What is needed:
Restate all of the records below exactly. Do not carry over any image.

Task data:
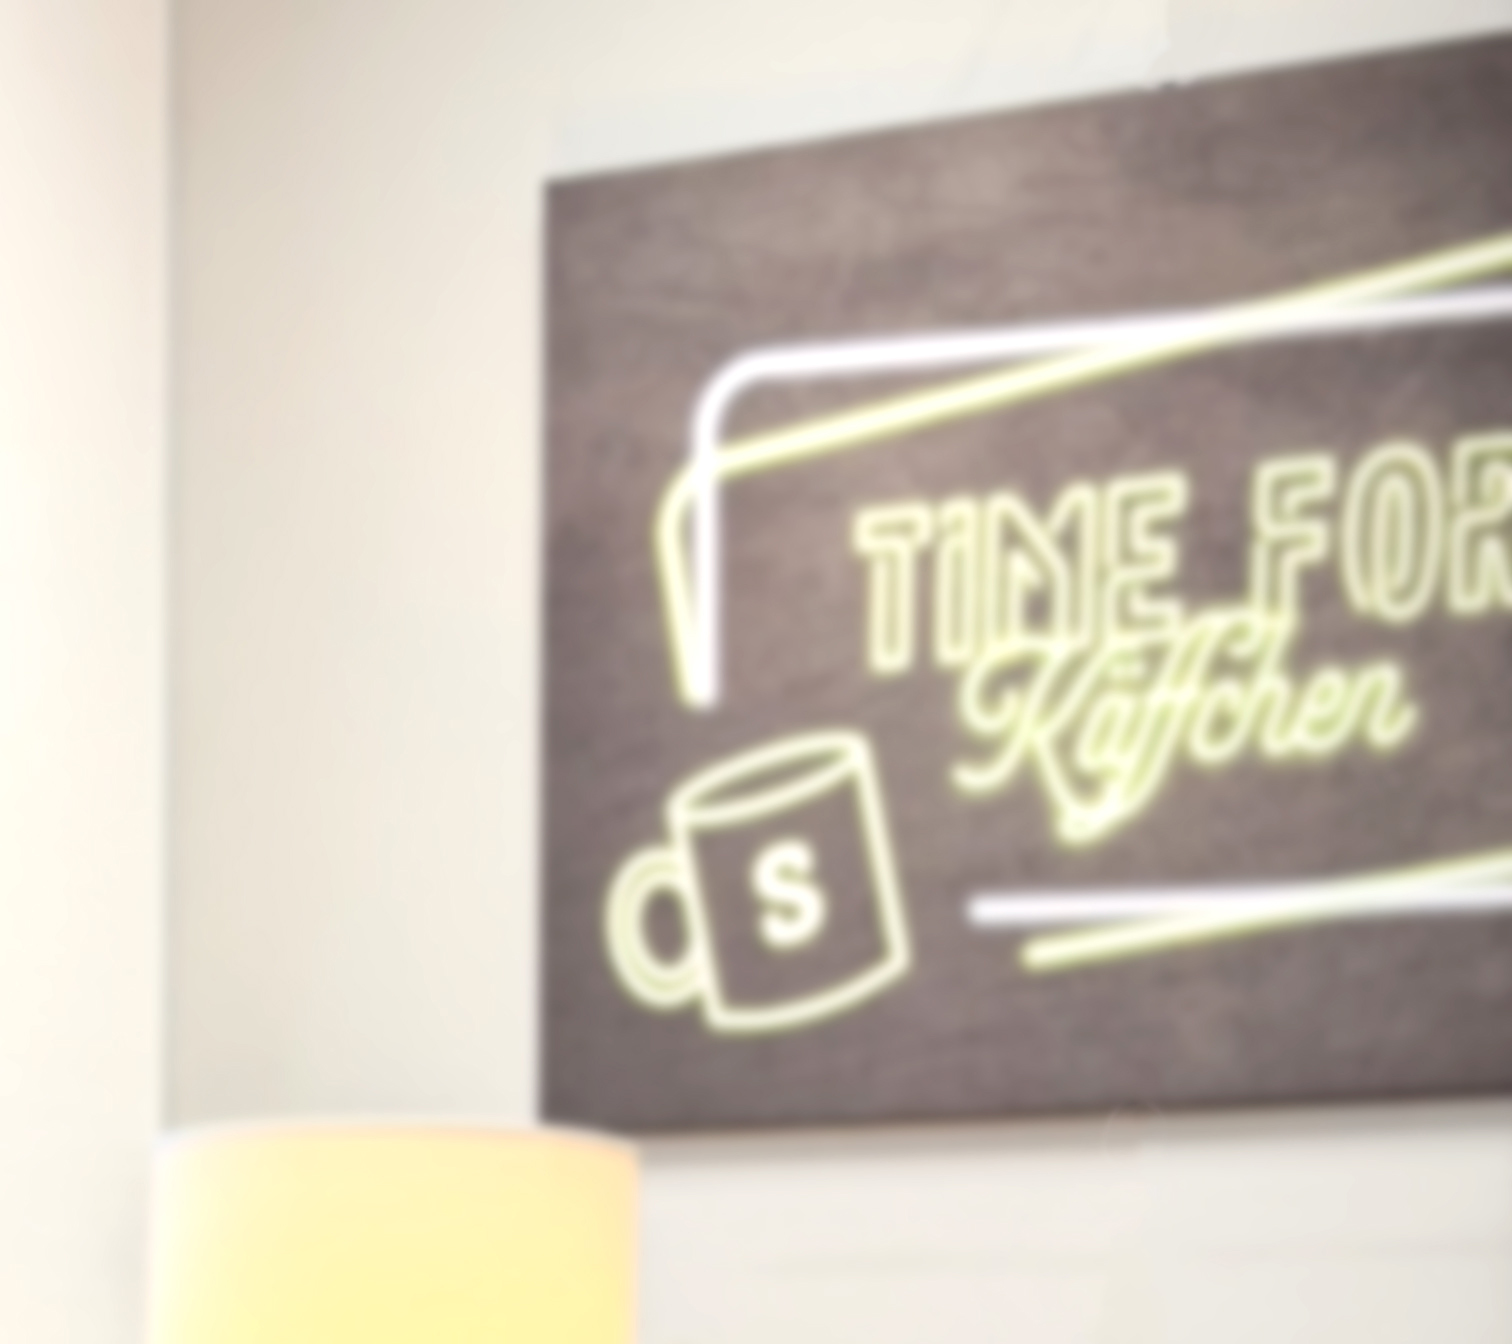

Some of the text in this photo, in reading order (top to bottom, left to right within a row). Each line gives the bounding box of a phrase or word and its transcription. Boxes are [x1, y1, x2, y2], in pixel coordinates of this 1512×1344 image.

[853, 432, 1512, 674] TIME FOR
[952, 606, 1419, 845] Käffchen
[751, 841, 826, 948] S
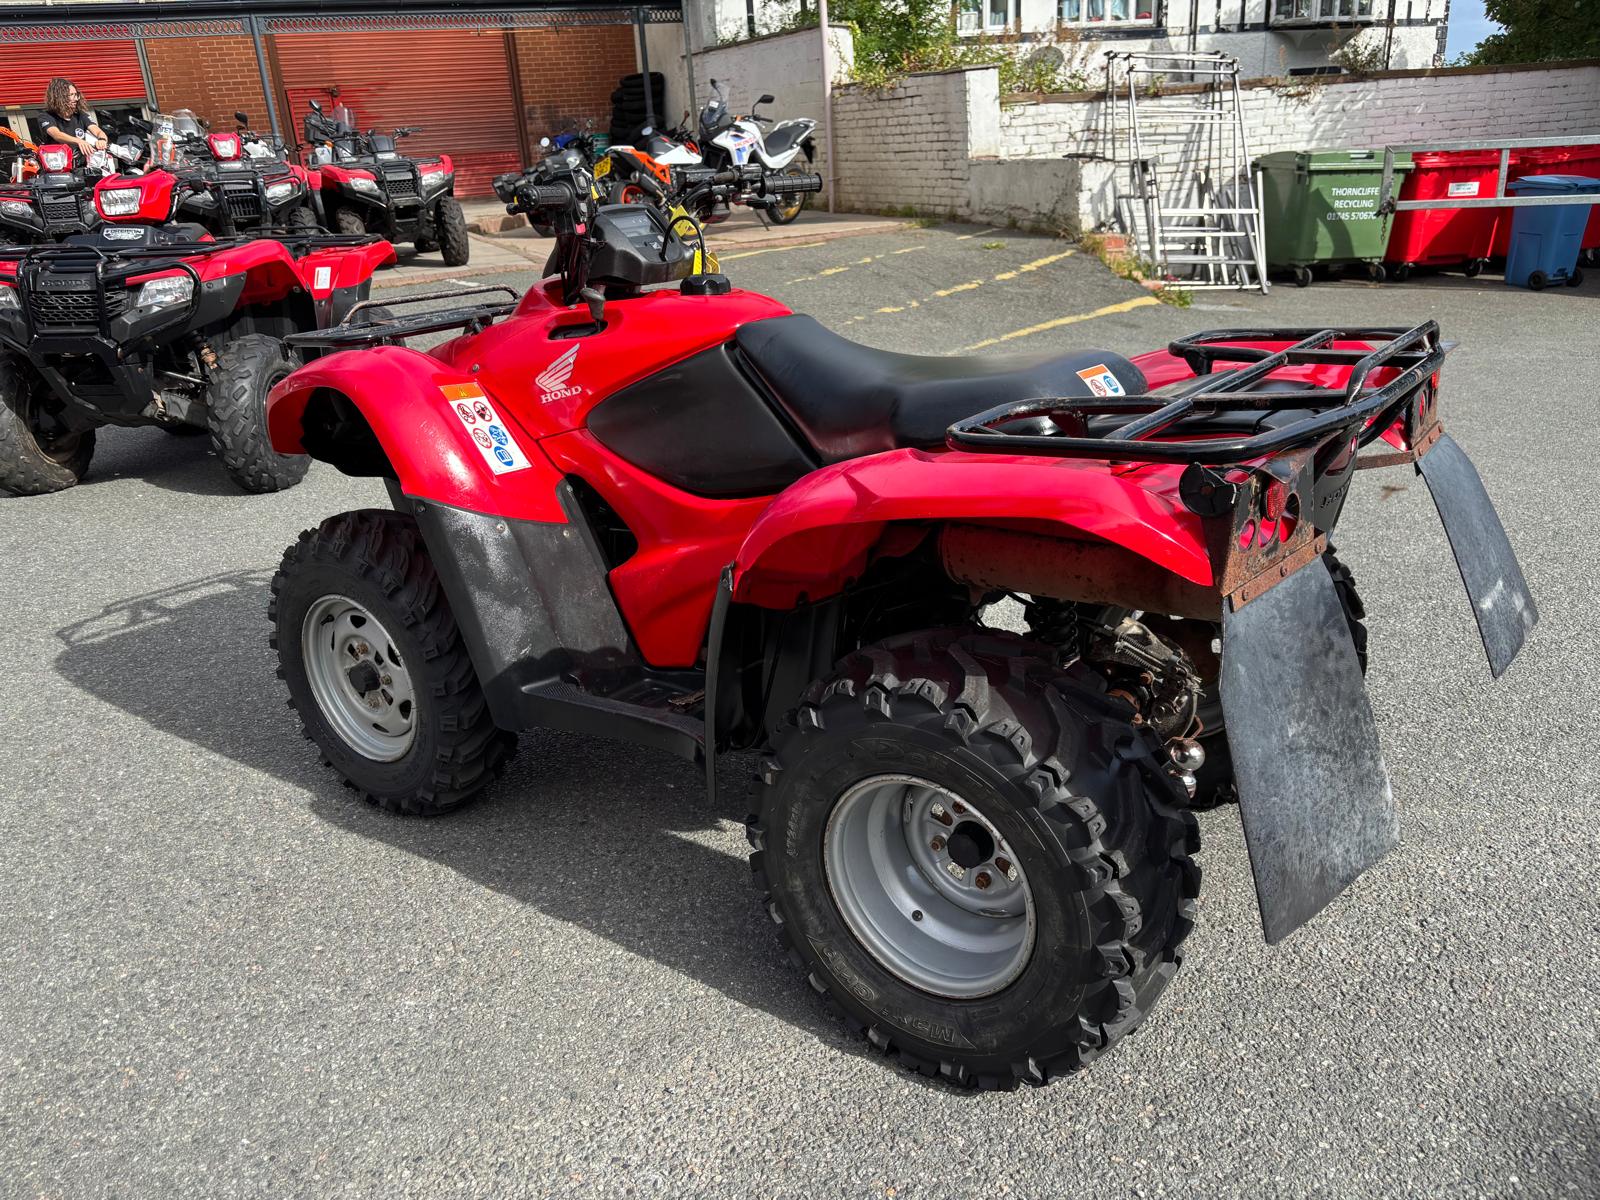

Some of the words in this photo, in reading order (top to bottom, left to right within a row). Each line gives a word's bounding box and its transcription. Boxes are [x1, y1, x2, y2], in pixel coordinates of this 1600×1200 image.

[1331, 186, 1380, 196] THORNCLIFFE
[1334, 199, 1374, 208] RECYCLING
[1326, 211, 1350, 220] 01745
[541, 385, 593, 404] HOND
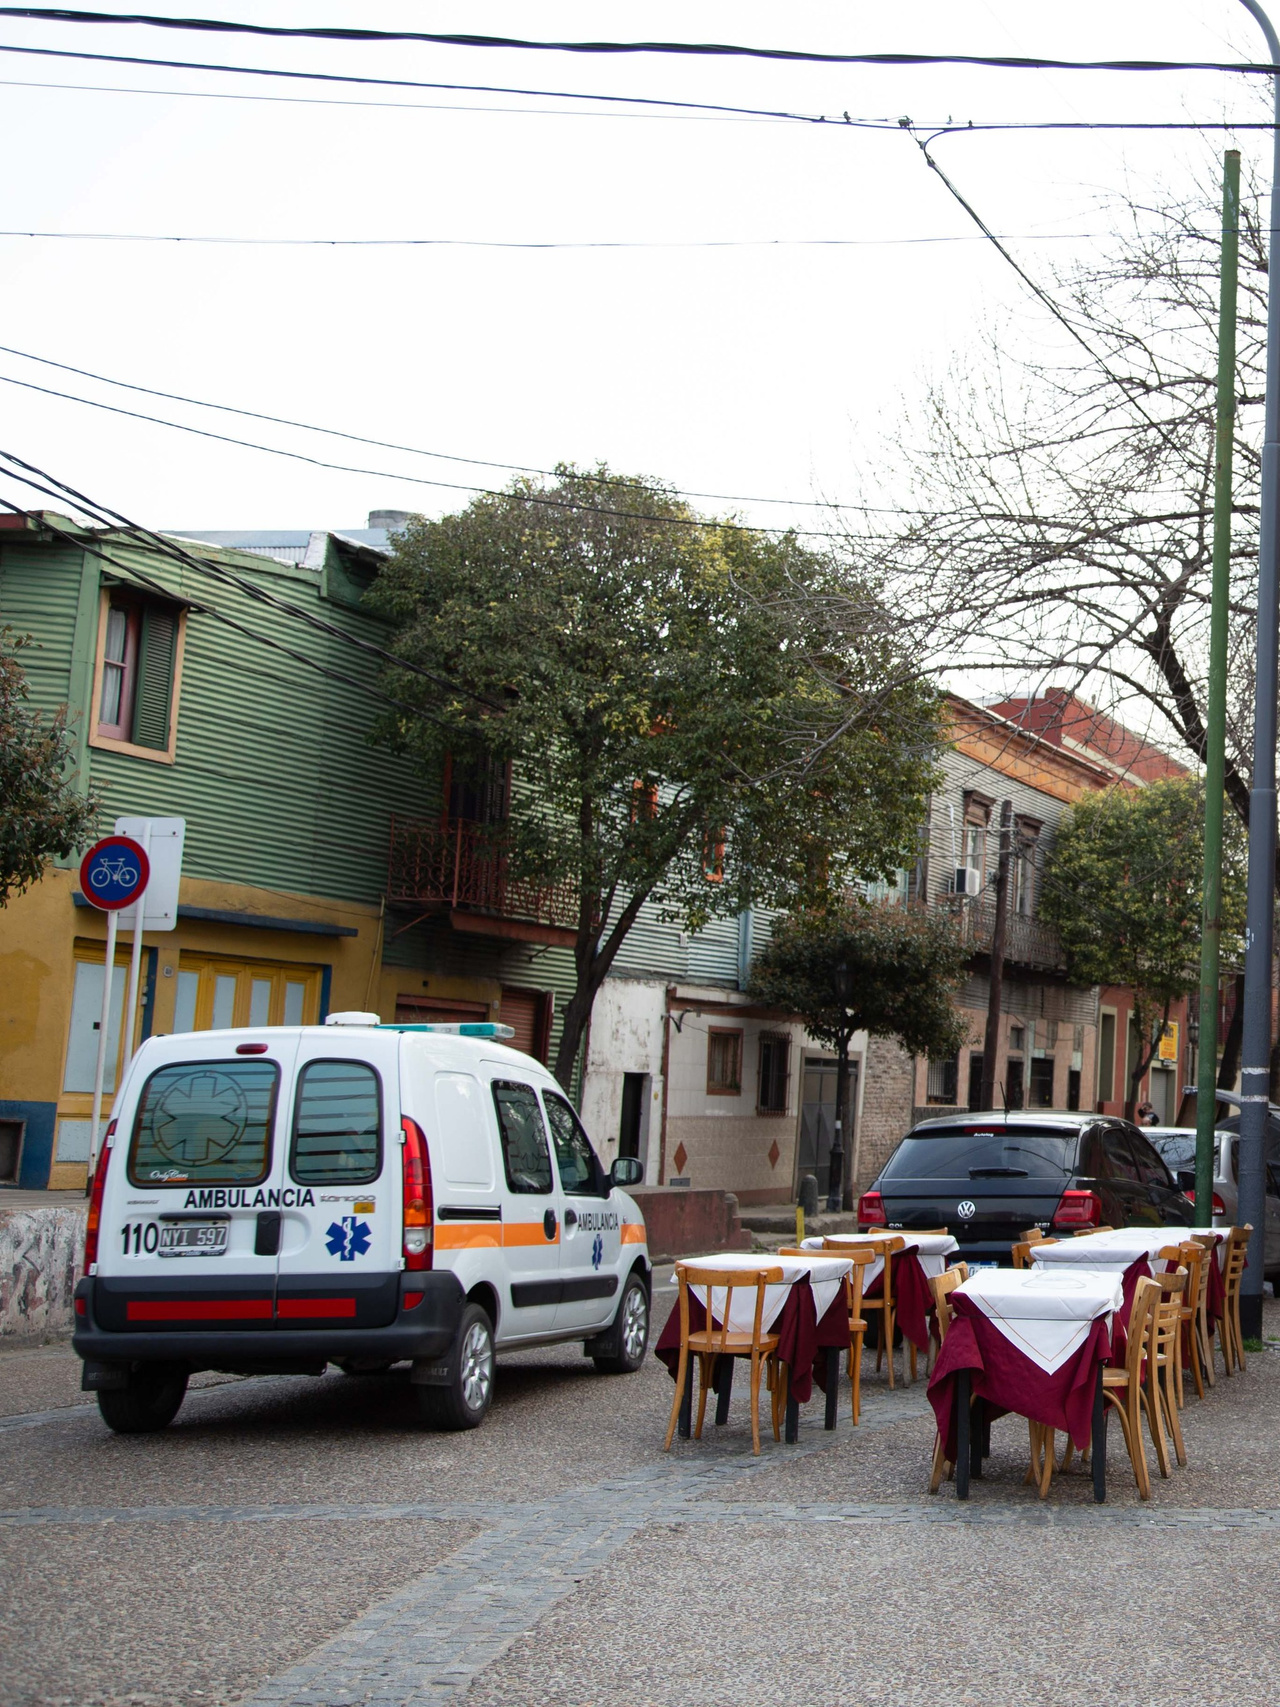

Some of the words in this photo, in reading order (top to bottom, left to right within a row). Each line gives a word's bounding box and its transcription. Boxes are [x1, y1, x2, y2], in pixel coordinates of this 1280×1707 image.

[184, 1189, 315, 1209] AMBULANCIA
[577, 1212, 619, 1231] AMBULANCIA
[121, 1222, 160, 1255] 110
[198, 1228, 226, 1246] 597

Task output:
Some of the text in this photo, in reading order (top to bottom, left to right within a row). Each line gives the bounding box of a phrase or word and its transcription. Boxes are [x1, y1, x2, y2], in pixel coordinates of this 1512×1344 image.

[853, 432, 1512, 674] TIME FOR
[952, 606, 1419, 845] Käffchen
[751, 841, 826, 948] S

Some of the words in this photo, in reading order (top to bottom, left to right within a row). Each line gives a word's bounding box and its transcription. Boxes are [x1, y1, x2, y2], in pixel coordinates of this 1600×1200 image.

[1331, 186, 1380, 196] THORNCLIFFE
[1334, 199, 1374, 208] RECYCLING
[1326, 211, 1350, 220] 01745
[541, 385, 593, 404] HOND

Some of the words in this photo, in reading order (top to bottom, left to right within a row). Each line gives a word's bounding box and its transcription. Boxes are [x1, y1, x2, y2], in pixel coordinates of this 1280×1707 image.

[184, 1189, 315, 1209] AMBULANCIA
[577, 1212, 619, 1231] AMBULANCIA
[121, 1222, 160, 1255] 110
[198, 1228, 226, 1246] 597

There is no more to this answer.